The project raises money for Football Beyond Borders and aims to inspire the next generation of young girls to take up football.

While women’s football has seen a meteoric rise in popularity in recent years, the rate of young girls getting involved in the game is still discouragingly low. Forward Play! is a project from Eve Warren – senior creative at Manchester agency Love – that aims to inspire the next generation of girls to take up football.

Eve has rallied together over 30 established and emerging illustrators to create artworks inspired by icons from the women’s game. The artworks will exist as a limited run of stickers, a pull-out poster zine, and will go on display from tomorrow (27 July) at Colours May Vary in Leeds, with all proceeds going to Football Beyond Borders, a charity that uses the power of football to change the lives of young people. Running alongside the physical project, there will also be an outreach plan for grassroots teams in Leeds, aiming to expand exposure and inspiration.

Throughout the project, you’ll find Japan’s biggest women’s football legend Homare Sawa realised by Genie Espinosa, England Midfielder and homelessness advocate Fara Williams illustrated by Flo Burns, and Sue Lopez, an England player from the 70s who now advocates for the women’s game, portrayed by Joel Burden.

The 2022 Women Euro’s signalled what Eve describes as “a new dawn for women’s football”. A record breaking 17.4 million people watched the Lioness’s take the victory, and in March 2023 the UK government announced that it would provide £600 million in funding to help girls get equal access to the game. This campaign was spearheaded by England Lioness Lotte Wubben-Moy – a footballer we talked to in a recent feature focusing on the intersections of football and creativity.

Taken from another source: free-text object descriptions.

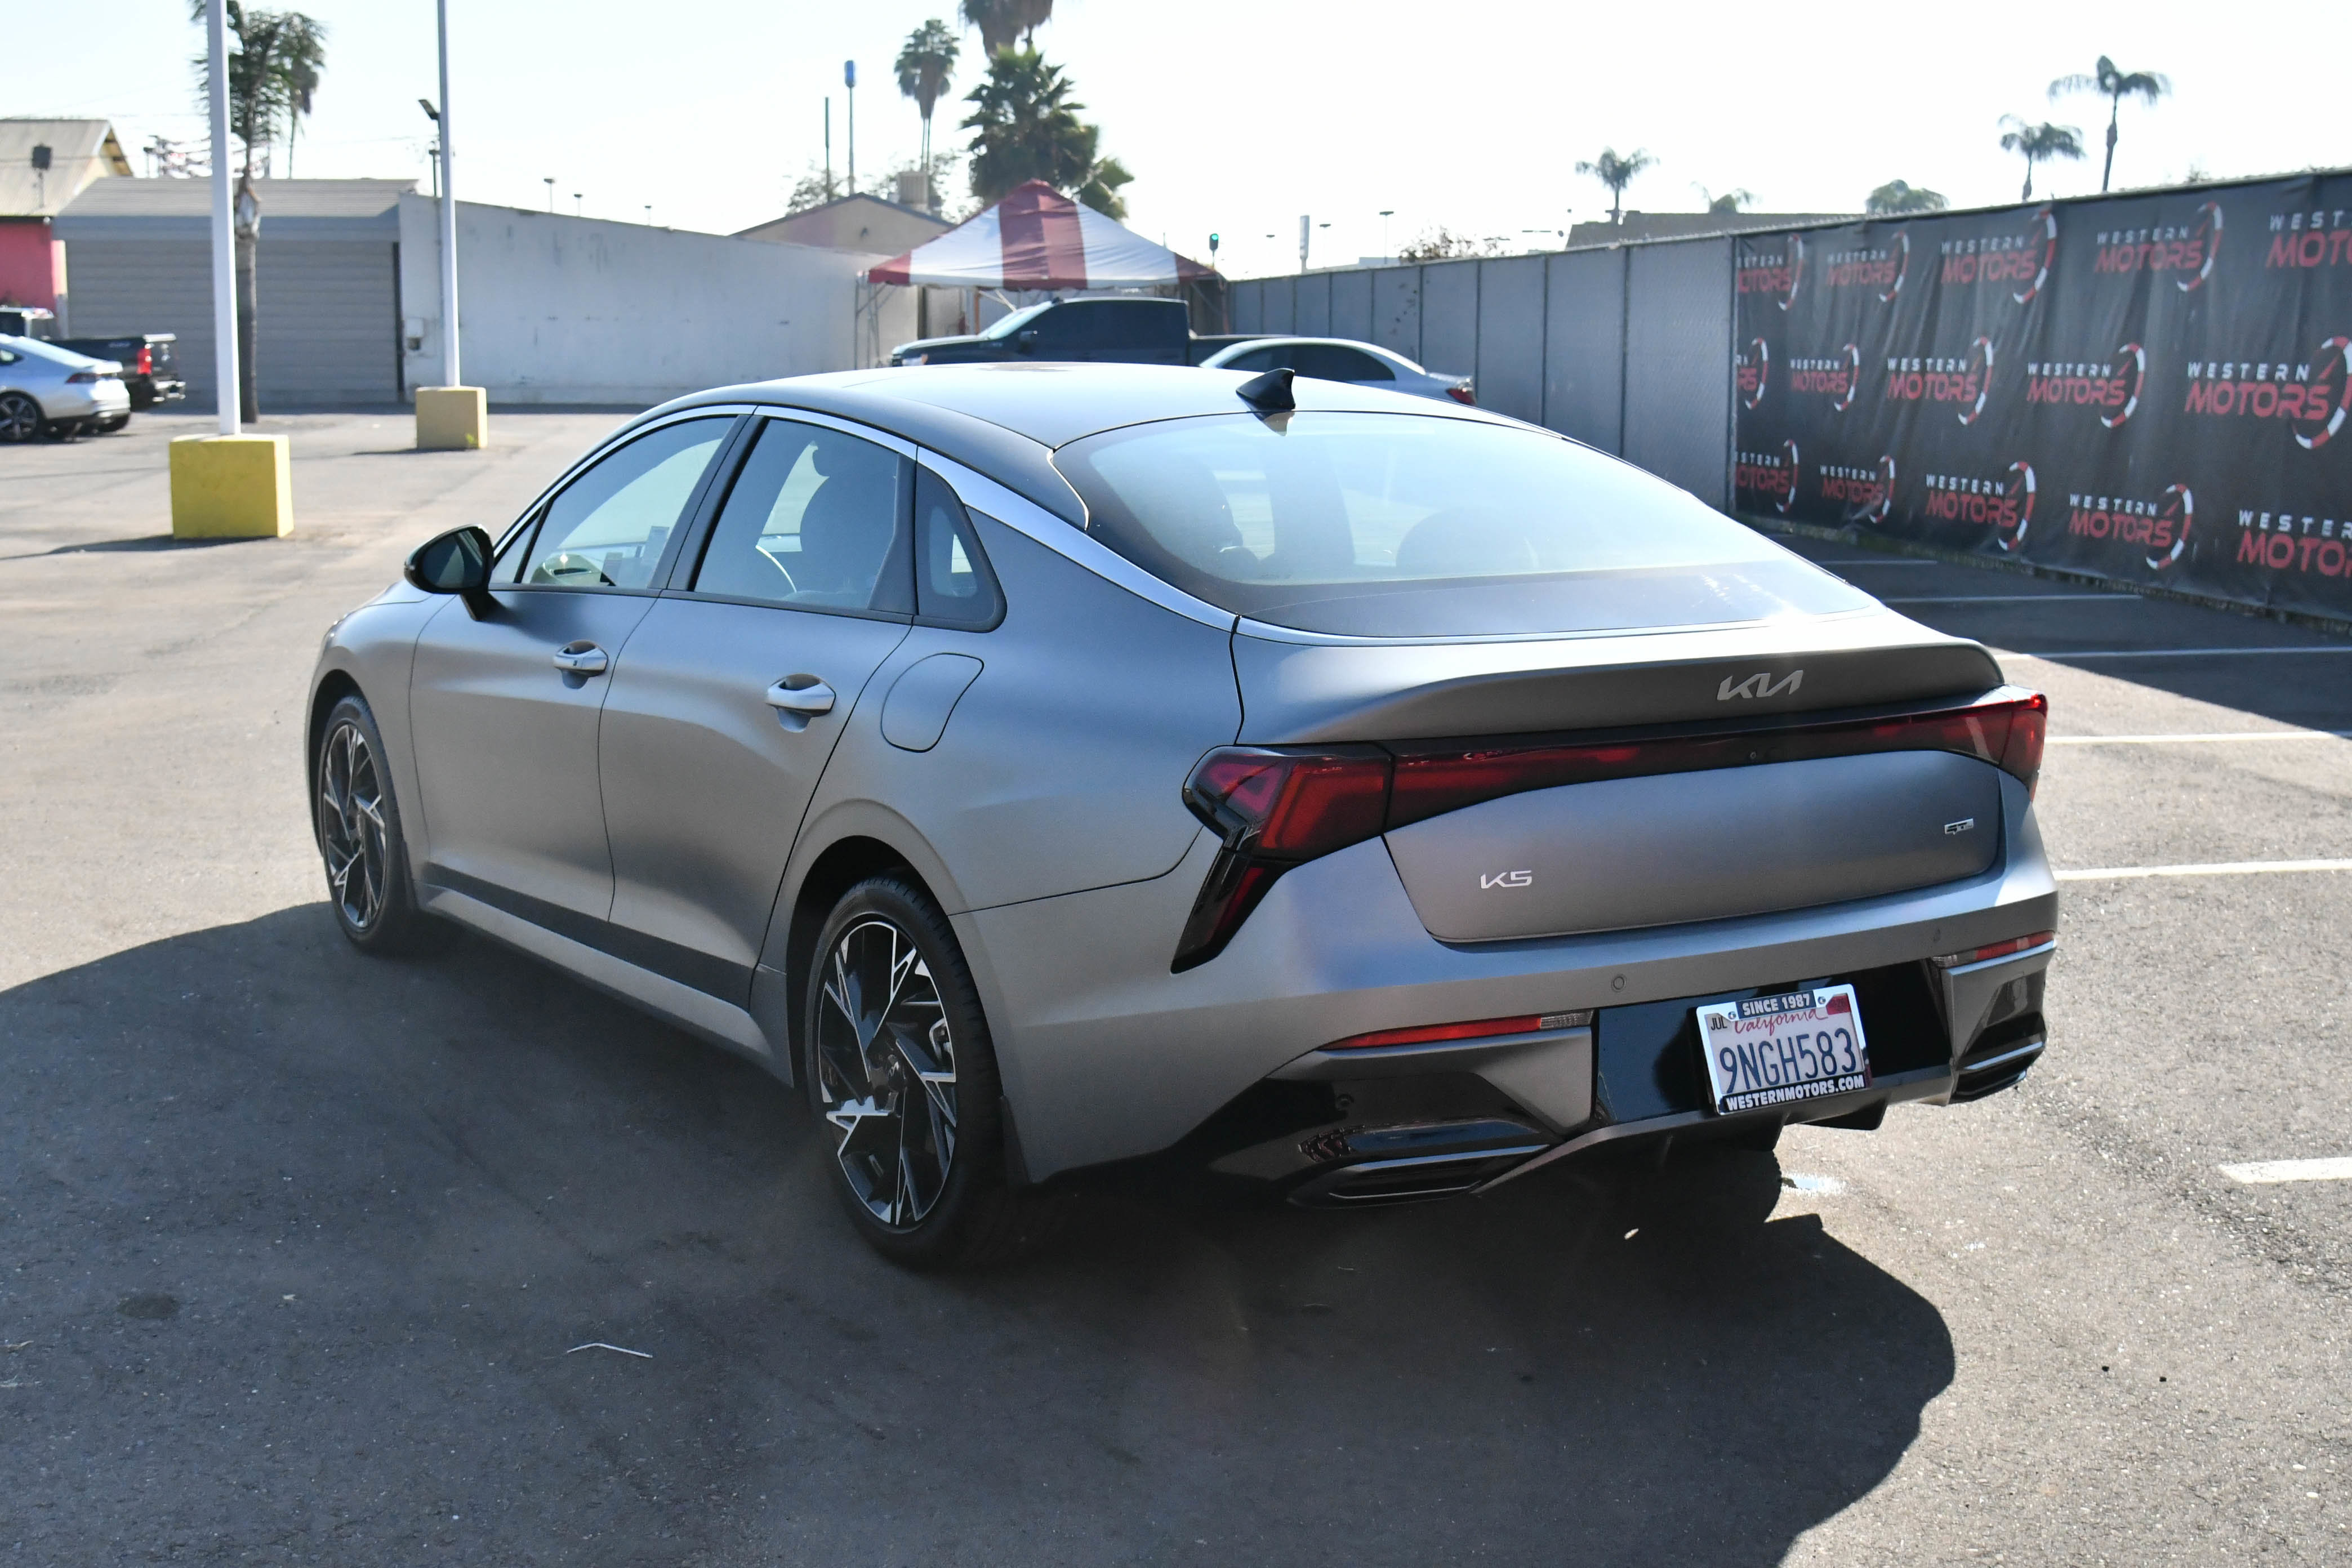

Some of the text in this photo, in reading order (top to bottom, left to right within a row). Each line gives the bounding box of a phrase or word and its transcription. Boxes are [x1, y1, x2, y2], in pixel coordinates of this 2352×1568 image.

[1941, 235, 2024, 254] WESTERN
[2096, 226, 2189, 244] WESTERN
[1828, 250, 1886, 263] WESTERN
[2093, 240, 2204, 274] MOTORS
[2265, 230, 2352, 268] MOT
[1827, 261, 1896, 286] MOTORS
[1941, 250, 2037, 284] MOTORS
[1790, 359, 1839, 370] WESTERN
[1888, 356, 1967, 372] WESTERN
[2027, 362, 2111, 377] WESTERN
[2188, 361, 2310, 381] WESTERN
[1791, 371, 1848, 393] MOTORS
[1887, 372, 1978, 402] MOTORS
[2026, 377, 2127, 406] MOTORS
[2184, 380, 2332, 420] MOTORS
[1820, 465, 1876, 481] WESTERN
[1926, 473, 2004, 496] WESTERN
[1821, 478, 1885, 505] MOTORS
[1926, 489, 2018, 528] MOTORS
[2069, 493, 2158, 517] WESTERN
[2068, 510, 2174, 547] MOTORS
[1717, 669, 1804, 700] KIA
[1480, 870, 1532, 889] K5
[1743, 994, 1810, 1015] SINCE 1987
[1710, 1017, 1727, 1031] JUL
[1734, 1009, 1828, 1036] California
[1720, 1028, 1856, 1094] 9NGH583
[1726, 1074, 1865, 1111] WESTERNMOTORS.COM

Despite moves in the right direction, Eve explains that girls still have limited opportunities in football, “especially those who are passionate about football but disengaged in school, or who are from areas of socioeconomic disadvantage”, Eve says. Football Beyond Borders 2023 report Inspiring a Generation found that 63 per cent of teenage girls still can’t name any of the Lionesses, 25 per cent of teenage girls have never watched a women’s football game, 67 per cent of teenage girls don’t follow any women’s football players on social media.

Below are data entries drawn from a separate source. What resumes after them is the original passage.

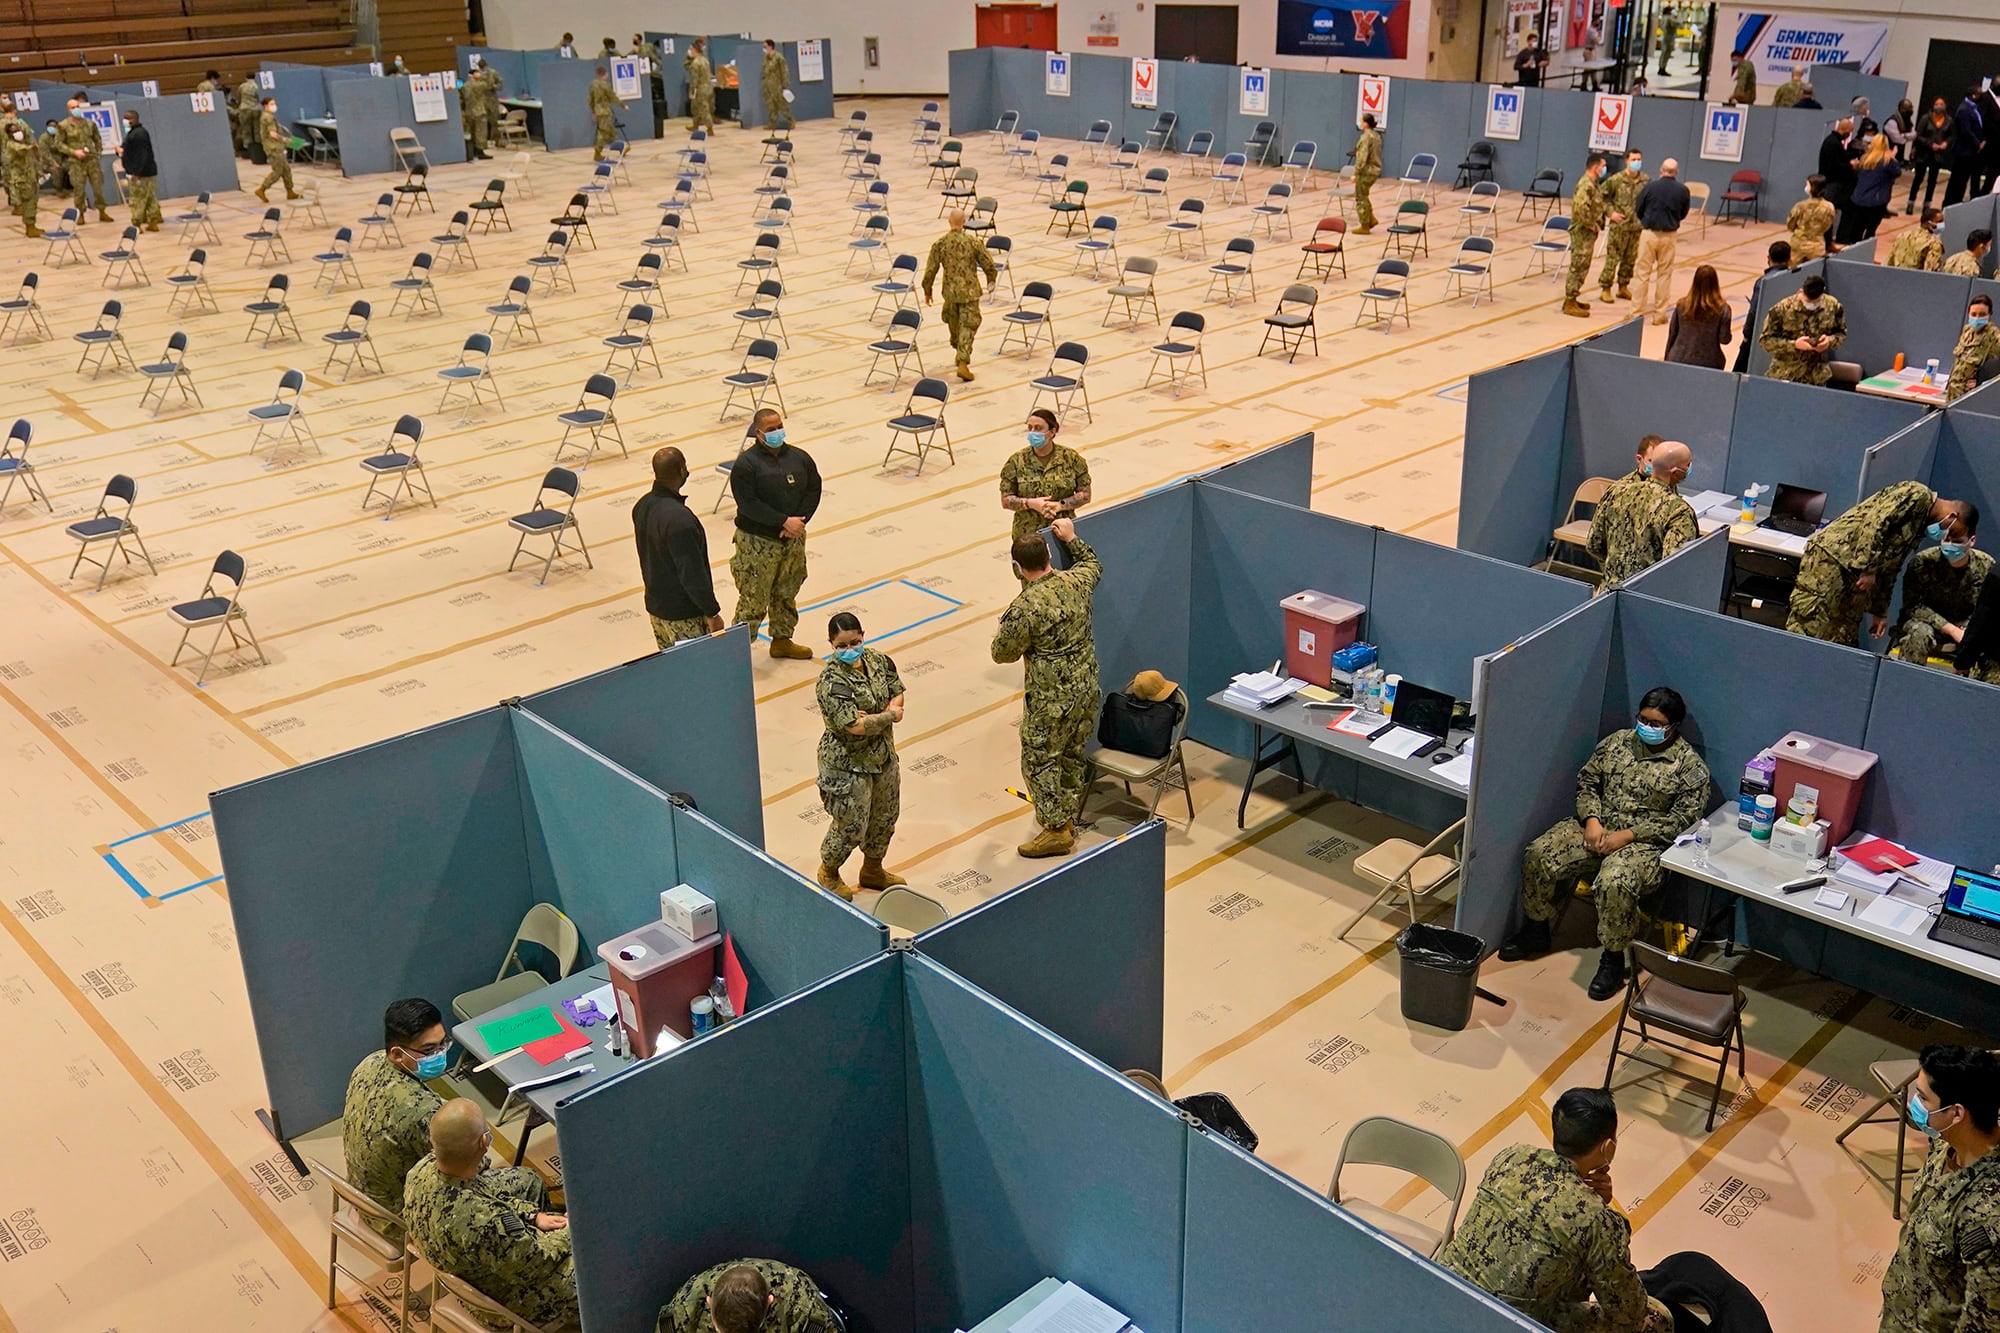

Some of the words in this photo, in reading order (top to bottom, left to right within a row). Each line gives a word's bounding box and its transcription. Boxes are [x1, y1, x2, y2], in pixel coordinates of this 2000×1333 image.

[1776, 28, 1845, 47] GAMEDAY
[145, 84, 153, 96] 9
[18, 95, 33, 108] 11
[195, 97, 209, 109] 10
[1209, 903, 1225, 915] RAM
[1224, 892, 1246, 907] BOARD
[1308, 1051, 1328, 1065] RAM
[1323, 1036, 1349, 1054] BOARD
[163, 1058, 184, 1079] BOARD
[179, 1075, 197, 1090] RAM
[1804, 1094, 1823, 1112] RAM
[1819, 1077, 1841, 1098] BOARD
[254, 1161, 278, 1186] BOARD
[273, 1184, 293, 1202] RAM
[1703, 1194, 1724, 1216] RAM
[1719, 1177, 1745, 1201] BOARD
[4, 1241, 23, 1260] RAM

The passion is fuelled by Eve’s personal love of football. While she played in her youth, she dropped the sport in secondary school due to the lack of local teams and it not featuring in the curriculum, before rediscovering her passion during the 2019 women’s World Cup. Eve’s experience in the creative industry helped the project, with her tapping into her network a bank of creatives on her wish list, like Stan Chow a “fellow Manchester United supporter” who’s depicted all of the big stars. But, Eve was also set on giving a platform to emerging creatives too. “I wanted to give other up and coming talent a chance, those who have different styles to what you would usually see on a Nike ad,” she ends. “There’s a lot of great characters in Women’s football and it’s been super interesting to see how artists have brought them to life.”